→ **YOUR OBJECTIVE**:
What appears from the line containing "Some of the text" to the end of the listing below should be copied exactly, with no other lines.

→ **THE RECORDS**:
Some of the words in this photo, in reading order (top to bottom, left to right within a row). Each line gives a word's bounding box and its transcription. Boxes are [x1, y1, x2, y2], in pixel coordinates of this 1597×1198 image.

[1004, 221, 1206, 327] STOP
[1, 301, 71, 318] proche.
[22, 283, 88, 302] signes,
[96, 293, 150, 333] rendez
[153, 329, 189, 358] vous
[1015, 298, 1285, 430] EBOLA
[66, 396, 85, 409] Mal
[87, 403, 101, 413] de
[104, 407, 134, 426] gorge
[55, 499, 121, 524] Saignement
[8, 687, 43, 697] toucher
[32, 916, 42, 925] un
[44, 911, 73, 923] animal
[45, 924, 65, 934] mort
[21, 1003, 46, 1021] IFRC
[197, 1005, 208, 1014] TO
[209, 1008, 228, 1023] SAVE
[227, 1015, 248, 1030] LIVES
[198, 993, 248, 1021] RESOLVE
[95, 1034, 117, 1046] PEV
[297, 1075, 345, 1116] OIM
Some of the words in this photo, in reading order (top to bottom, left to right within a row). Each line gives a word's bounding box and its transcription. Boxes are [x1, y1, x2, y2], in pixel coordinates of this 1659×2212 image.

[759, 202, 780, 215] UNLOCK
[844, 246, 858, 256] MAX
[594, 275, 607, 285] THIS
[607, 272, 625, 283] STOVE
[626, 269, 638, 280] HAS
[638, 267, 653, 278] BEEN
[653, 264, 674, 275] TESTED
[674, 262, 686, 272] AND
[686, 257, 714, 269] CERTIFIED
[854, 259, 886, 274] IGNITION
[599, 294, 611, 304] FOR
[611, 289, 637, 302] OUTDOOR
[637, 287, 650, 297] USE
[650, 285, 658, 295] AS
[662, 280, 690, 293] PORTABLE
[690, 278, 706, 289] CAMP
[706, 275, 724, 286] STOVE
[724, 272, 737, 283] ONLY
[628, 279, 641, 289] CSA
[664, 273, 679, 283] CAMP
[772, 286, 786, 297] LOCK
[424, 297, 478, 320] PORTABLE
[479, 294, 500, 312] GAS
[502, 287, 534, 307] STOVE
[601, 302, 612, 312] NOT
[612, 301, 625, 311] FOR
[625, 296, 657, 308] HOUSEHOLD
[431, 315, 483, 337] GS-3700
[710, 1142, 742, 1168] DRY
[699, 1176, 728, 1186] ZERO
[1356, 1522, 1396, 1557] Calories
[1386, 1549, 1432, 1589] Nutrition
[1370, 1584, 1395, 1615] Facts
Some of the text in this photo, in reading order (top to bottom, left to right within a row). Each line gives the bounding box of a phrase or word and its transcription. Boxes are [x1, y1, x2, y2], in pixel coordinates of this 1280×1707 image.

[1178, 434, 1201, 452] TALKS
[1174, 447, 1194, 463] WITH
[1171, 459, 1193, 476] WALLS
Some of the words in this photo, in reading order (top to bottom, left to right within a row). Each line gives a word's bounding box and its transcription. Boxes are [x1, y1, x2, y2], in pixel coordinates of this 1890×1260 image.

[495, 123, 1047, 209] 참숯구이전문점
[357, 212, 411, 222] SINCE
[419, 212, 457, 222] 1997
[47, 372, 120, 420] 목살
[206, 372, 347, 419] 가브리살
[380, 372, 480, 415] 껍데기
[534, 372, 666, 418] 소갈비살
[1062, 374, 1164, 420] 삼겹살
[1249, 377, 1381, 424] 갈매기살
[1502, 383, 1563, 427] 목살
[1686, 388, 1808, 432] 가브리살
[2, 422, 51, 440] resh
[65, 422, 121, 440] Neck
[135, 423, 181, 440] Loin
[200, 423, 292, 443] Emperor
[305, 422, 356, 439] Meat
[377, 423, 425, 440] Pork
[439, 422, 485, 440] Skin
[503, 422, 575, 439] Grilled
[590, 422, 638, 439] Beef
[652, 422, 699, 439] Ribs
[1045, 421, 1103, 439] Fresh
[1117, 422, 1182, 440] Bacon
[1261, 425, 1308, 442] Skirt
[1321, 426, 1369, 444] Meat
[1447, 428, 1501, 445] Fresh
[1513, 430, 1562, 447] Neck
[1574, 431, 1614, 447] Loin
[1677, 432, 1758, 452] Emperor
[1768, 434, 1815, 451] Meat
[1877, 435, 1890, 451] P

→ **SOLVED EXERCISE**:
Some of the text in this photo, in reading order (top to bottom, left to right within a row). Each line gives the bounding box of a phrase or word and its transcription. Boxes are [x1, y1, x2, y2], in pixel coordinates of this 1280×1707 image.

[1178, 434, 1201, 452] TALKS
[1174, 447, 1194, 463] WITH
[1171, 459, 1193, 476] WALLS
Some of the words in this photo, in reading order (top to bottom, left to right within a row). Each line gives a word's bounding box and its transcription. Boxes are [x1, y1, x2, y2], in pixel coordinates of this 1890×1260 image.

[495, 123, 1047, 209] 참숯구이전문점
[357, 212, 411, 222] SINCE
[419, 212, 457, 222] 1997
[47, 372, 120, 420] 목살
[206, 372, 347, 419] 가브리살
[380, 372, 480, 415] 껍데기
[534, 372, 666, 418] 소갈비살
[1062, 374, 1164, 420] 삼겹살
[1249, 377, 1381, 424] 갈매기살
[1502, 383, 1563, 427] 목살
[1686, 388, 1808, 432] 가브리살
[2, 422, 51, 440] resh
[65, 422, 121, 440] Neck
[135, 423, 181, 440] Loin
[200, 423, 292, 443] Emperor
[305, 422, 356, 439] Meat
[377, 423, 425, 440] Pork
[439, 422, 485, 440] Skin
[503, 422, 575, 439] Grilled
[590, 422, 638, 439] Beef
[652, 422, 699, 439] Ribs
[1045, 421, 1103, 439] Fresh
[1117, 422, 1182, 440] Bacon
[1261, 425, 1308, 442] Skirt
[1321, 426, 1369, 444] Meat
[1447, 428, 1501, 445] Fresh
[1513, 430, 1562, 447] Neck
[1574, 431, 1614, 447] Loin
[1677, 432, 1758, 452] Emperor
[1768, 434, 1815, 451] Meat
[1877, 435, 1890, 451] P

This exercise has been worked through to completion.